PROBLEM REQUIREMENTS: Output an exact reproduction of the data.

RECORDS FOR THE EXERCISE:
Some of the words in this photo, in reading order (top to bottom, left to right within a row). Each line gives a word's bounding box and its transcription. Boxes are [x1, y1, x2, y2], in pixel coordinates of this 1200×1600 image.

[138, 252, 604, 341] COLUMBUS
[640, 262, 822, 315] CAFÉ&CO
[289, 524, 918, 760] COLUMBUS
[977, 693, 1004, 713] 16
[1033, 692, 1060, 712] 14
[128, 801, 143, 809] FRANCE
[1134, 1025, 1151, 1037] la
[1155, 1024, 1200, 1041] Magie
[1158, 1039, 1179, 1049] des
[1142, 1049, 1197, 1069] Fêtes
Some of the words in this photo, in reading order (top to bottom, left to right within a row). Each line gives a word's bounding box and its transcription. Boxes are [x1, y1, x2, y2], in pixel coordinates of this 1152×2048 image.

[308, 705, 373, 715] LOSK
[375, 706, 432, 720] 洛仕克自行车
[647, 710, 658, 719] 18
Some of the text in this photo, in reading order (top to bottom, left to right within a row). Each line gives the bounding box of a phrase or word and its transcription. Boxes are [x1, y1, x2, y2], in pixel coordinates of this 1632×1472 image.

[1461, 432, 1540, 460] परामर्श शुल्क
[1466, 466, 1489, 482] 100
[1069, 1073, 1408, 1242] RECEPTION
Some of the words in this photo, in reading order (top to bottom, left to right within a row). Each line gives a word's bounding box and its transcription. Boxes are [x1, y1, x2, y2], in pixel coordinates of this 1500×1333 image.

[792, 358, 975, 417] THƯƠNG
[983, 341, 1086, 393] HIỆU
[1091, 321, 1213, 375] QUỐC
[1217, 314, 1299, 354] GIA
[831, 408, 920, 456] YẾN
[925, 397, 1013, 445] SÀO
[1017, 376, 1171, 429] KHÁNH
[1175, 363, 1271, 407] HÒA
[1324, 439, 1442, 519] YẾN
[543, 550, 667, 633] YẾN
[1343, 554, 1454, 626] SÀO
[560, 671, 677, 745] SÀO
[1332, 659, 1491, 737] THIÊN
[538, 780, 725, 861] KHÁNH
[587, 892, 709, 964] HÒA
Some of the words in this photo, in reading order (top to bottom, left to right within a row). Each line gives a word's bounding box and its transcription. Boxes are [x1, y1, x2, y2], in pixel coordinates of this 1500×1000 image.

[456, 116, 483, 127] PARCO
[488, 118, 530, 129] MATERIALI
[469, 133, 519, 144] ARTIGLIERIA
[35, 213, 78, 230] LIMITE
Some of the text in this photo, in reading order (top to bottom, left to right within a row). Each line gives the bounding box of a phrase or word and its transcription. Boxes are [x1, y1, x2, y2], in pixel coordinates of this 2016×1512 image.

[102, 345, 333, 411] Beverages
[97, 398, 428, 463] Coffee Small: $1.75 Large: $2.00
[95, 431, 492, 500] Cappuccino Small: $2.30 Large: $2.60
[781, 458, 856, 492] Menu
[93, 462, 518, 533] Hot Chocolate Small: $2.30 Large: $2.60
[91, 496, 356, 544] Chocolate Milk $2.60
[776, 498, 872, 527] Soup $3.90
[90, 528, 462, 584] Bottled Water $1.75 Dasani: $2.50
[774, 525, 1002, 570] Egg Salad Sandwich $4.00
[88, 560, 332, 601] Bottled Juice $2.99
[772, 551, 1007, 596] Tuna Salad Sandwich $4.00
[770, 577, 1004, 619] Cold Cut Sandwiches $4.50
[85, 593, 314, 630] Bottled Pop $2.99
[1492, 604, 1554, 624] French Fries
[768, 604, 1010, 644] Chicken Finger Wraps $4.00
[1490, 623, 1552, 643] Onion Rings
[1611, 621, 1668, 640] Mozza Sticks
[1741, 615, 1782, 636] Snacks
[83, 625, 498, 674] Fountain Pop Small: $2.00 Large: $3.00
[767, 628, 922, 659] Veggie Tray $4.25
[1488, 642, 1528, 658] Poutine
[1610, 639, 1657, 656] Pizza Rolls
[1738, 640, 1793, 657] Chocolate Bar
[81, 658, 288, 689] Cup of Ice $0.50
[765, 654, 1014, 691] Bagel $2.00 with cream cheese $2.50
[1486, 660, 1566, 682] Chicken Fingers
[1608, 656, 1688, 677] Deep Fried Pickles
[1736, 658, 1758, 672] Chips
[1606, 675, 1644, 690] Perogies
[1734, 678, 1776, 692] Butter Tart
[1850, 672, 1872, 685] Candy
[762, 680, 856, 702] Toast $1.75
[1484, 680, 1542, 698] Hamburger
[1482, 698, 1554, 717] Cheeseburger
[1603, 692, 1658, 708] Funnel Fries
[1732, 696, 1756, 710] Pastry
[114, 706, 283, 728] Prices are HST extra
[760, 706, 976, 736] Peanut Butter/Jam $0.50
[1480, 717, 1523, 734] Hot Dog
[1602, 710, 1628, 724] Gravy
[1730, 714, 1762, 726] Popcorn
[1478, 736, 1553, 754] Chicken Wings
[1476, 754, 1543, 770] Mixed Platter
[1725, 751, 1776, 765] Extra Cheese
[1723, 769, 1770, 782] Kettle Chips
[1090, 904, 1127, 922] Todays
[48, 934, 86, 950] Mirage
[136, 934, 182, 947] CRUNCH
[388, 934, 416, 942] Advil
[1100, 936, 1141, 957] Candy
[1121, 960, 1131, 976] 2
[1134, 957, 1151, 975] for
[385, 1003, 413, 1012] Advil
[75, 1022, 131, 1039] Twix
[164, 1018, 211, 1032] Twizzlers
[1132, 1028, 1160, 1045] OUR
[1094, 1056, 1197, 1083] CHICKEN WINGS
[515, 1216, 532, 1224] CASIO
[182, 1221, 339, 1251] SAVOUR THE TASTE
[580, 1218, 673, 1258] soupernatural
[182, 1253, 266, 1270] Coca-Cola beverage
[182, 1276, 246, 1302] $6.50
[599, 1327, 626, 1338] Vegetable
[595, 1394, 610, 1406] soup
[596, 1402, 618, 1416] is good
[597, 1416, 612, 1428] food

TASK ANSWER:
Some of the words in this photo, in reading order (top to bottom, left to right within a row). Each line gives a word's bounding box and its transcription. Boxes are [x1, y1, x2, y2], in pixel coordinates of this 1200×1600 image.

[138, 252, 604, 341] COLUMBUS
[640, 262, 822, 315] CAFÉ&CO
[289, 524, 918, 760] COLUMBUS
[977, 693, 1004, 713] 16
[1033, 692, 1060, 712] 14
[128, 801, 143, 809] FRANCE
[1134, 1025, 1151, 1037] la
[1155, 1024, 1200, 1041] Magie
[1158, 1039, 1179, 1049] des
[1142, 1049, 1197, 1069] Fêtes
Some of the words in this photo, in reading order (top to bottom, left to right within a row). Each line gives a word's bounding box and its transcription. Boxes are [x1, y1, x2, y2], in pixel coordinates of this 1152×2048 image.

[308, 705, 373, 715] LOSK
[375, 706, 432, 720] 洛仕克自行车
[647, 710, 658, 719] 18
Some of the text in this photo, in reading order (top to bottom, left to right within a row). Each line gives the bounding box of a phrase or word and its transcription. Boxes are [x1, y1, x2, y2], in pixel coordinates of this 1632×1472 image.

[1461, 432, 1540, 460] परामर्श शुल्क
[1466, 466, 1489, 482] 100
[1069, 1073, 1408, 1242] RECEPTION
Some of the words in this photo, in reading order (top to bottom, left to right within a row). Each line gives a word's bounding box and its transcription. Boxes are [x1, y1, x2, y2], in pixel coordinates of this 1500×1333 image.

[792, 358, 975, 417] THƯƠNG
[983, 341, 1086, 393] HIỆU
[1091, 321, 1213, 375] QUỐC
[1217, 314, 1299, 354] GIA
[831, 408, 920, 456] YẾN
[925, 397, 1013, 445] SÀO
[1017, 376, 1171, 429] KHÁNH
[1175, 363, 1271, 407] HÒA
[1324, 439, 1442, 519] YẾN
[543, 550, 667, 633] YẾN
[1343, 554, 1454, 626] SÀO
[560, 671, 677, 745] SÀO
[1332, 659, 1491, 737] THIÊN
[538, 780, 725, 861] KHÁNH
[587, 892, 709, 964] HÒA
Some of the words in this photo, in reading order (top to bottom, left to right within a row). Each line gives a word's bounding box and its transcription. Boxes are [x1, y1, x2, y2], in pixel coordinates of this 1500×1000 image.

[456, 116, 483, 127] PARCO
[488, 118, 530, 129] MATERIALI
[469, 133, 519, 144] ARTIGLIERIA
[35, 213, 78, 230] LIMITE
Some of the text in this photo, in reading order (top to bottom, left to right within a row). Each line gives the bounding box of a phrase or word and its transcription. Boxes are [x1, y1, x2, y2], in pixel coordinates of this 2016×1512 image.

[102, 345, 333, 411] Beverages
[97, 398, 428, 463] Coffee Small: $1.75 Large: $2.00
[95, 431, 492, 500] Cappuccino Small: $2.30 Large: $2.60
[781, 458, 856, 492] Menu
[93, 462, 518, 533] Hot Chocolate Small: $2.30 Large: $2.60
[91, 496, 356, 544] Chocolate Milk $2.60
[776, 498, 872, 527] Soup $3.90
[90, 528, 462, 584] Bottled Water $1.75 Dasani: $2.50
[774, 525, 1002, 570] Egg Salad Sandwich $4.00
[88, 560, 332, 601] Bottled Juice $2.99
[772, 551, 1007, 596] Tuna Salad Sandwich $4.00
[770, 577, 1004, 619] Cold Cut Sandwiches $4.50
[85, 593, 314, 630] Bottled Pop $2.99
[1492, 604, 1554, 624] French Fries
[768, 604, 1010, 644] Chicken Finger Wraps $4.00
[1490, 623, 1552, 643] Onion Rings
[1611, 621, 1668, 640] Mozza Sticks
[1741, 615, 1782, 636] Snacks
[83, 625, 498, 674] Fountain Pop Small: $2.00 Large: $3.00
[767, 628, 922, 659] Veggie Tray $4.25
[1488, 642, 1528, 658] Poutine
[1610, 639, 1657, 656] Pizza Rolls
[1738, 640, 1793, 657] Chocolate Bar
[81, 658, 288, 689] Cup of Ice $0.50
[765, 654, 1014, 691] Bagel $2.00 with cream cheese $2.50
[1486, 660, 1566, 682] Chicken Fingers
[1608, 656, 1688, 677] Deep Fried Pickles
[1736, 658, 1758, 672] Chips
[1606, 675, 1644, 690] Perogies
[1734, 678, 1776, 692] Butter Tart
[1850, 672, 1872, 685] Candy
[762, 680, 856, 702] Toast $1.75
[1484, 680, 1542, 698] Hamburger
[1482, 698, 1554, 717] Cheeseburger
[1603, 692, 1658, 708] Funnel Fries
[1732, 696, 1756, 710] Pastry
[114, 706, 283, 728] Prices are HST extra
[760, 706, 976, 736] Peanut Butter/Jam $0.50
[1480, 717, 1523, 734] Hot Dog
[1602, 710, 1628, 724] Gravy
[1730, 714, 1762, 726] Popcorn
[1478, 736, 1553, 754] Chicken Wings
[1476, 754, 1543, 770] Mixed Platter
[1725, 751, 1776, 765] Extra Cheese
[1723, 769, 1770, 782] Kettle Chips
[1090, 904, 1127, 922] Todays
[48, 934, 86, 950] Mirage
[136, 934, 182, 947] CRUNCH
[388, 934, 416, 942] Advil
[1100, 936, 1141, 957] Candy
[1121, 960, 1131, 976] 2
[1134, 957, 1151, 975] for
[385, 1003, 413, 1012] Advil
[75, 1022, 131, 1039] Twix
[164, 1018, 211, 1032] Twizzlers
[1132, 1028, 1160, 1045] OUR
[1094, 1056, 1197, 1083] CHICKEN WINGS
[515, 1216, 532, 1224] CASIO
[182, 1221, 339, 1251] SAVOUR THE TASTE
[580, 1218, 673, 1258] soupernatural
[182, 1253, 266, 1270] Coca-Cola beverage
[182, 1276, 246, 1302] $6.50
[599, 1327, 626, 1338] Vegetable
[595, 1394, 610, 1406] soup
[596, 1402, 618, 1416] is good
[597, 1416, 612, 1428] food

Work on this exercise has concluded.